Free-text object descriptions

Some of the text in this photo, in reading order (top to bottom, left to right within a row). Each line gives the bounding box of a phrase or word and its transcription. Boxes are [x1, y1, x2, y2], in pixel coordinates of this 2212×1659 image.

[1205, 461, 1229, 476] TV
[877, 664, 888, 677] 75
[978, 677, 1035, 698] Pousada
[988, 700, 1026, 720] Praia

YOUR GOAL
Reproduce the data exactly. All of it is needed.

ANSWER FOR THE TASK
Some of the text in this photo, in reading order (top to bottom, left to right within a row). Each line gives the bounding box of a phrase or word and its transcription. Boxes are [x1, y1, x2, y2], in pixel coordinates of this 2212×1659 image.

[1205, 461, 1229, 476] TV
[877, 664, 888, 677] 75
[978, 677, 1035, 698] Pousada
[988, 700, 1026, 720] Praia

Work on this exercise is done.